Situated transformations of women and gender relations in small-scale fisheries and communities in a globalized world

Type Article
Date 2019-12
Language English
Author(s) Frangoudes Katia1, Gerrard Siri2, Kleiber Danika3
Affiliation(s) 1 : Univ Brest, Ifremer, CNRS, UMR 6308, AMURE, IUEM, 29280 Plouzané, France
2 : Center for Women and Gender Research/Department of Social Sciences, UiT The Arctic, University of Norway, Postbox 6050 Langenes,, 9037 Tromsø, Norway
3 : ARC Centre of Excellence for Coral Reef Studies and WorldFish, James Cook University, Room 119, Building DB032, Townsville, QLD 4811, Australia
Source Maritime Studies (1872-7859) (Springer Science and Business Media LLC), 2019-12 , Vol. 18 , N. 3 , P. 241-248
DOI 10.1007/s40152-019-00159-w
WOS© Times Cited 22
Keyword(s) Women, Gender gap, Aquatic resources, Global coasts

The need to uncover, interrogate, and integrate women’s contributions to fisheries in research and development has never been clearer. As coastal and fisheries management continues to look to the Sustainable Development Goals and the Voluntary Guidelines for Securing Sustainable Small-Scale Fisheries in the context of Food Security and Poverty Eradication, as frameworks and mandates, gender equity and equality have become a central concern.
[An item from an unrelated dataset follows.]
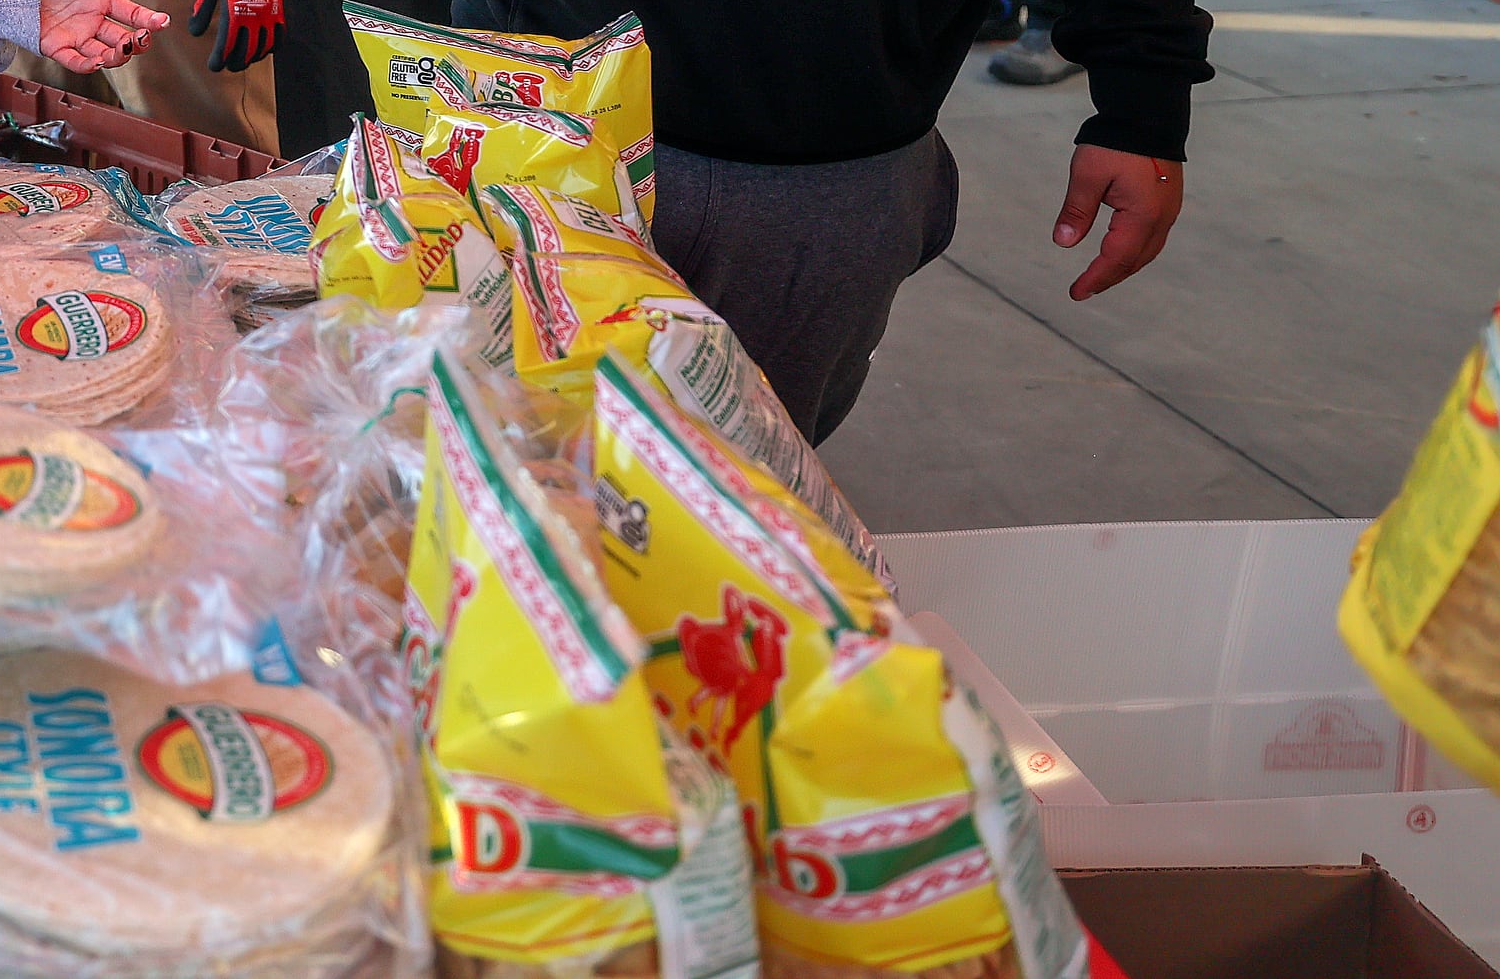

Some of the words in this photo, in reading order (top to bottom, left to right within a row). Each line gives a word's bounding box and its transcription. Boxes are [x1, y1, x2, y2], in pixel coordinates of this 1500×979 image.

To fill the still existing gap of documentation and theoretical engagement, in this thematic collection, we gather together voices from researchers and practitioners from around the world, with one overarching common approach of using a gender lens to examine the relationship between humans and aquatic resources. Drawing on Donna Haraway’s classic feminist concept of situated knowledges, we examine the many and varied approaches researchers are using to engage with the intersection of gender and fisheries. Beginning and ending with two reviews that examine where gender and fisheries has come from, and where it is going, this thematic issue includes case studies from 10 countries, engaging in the topic at various scales (individual, household, national, institutional etc.), and using multiple methodological approaches. Taken together, these pieces explore the mechanism by which women’s contribution to fisheries are overlooked and provide direct evidence to contest the persistent invisibility of women in fishing, fisheries labor, and fisheries decision-making. Going beyond the evidence of women’s contributions, the authors go further to examine different coastal contexts, intersectional identities such as age, and explore gender transformative approaches to fisheries development.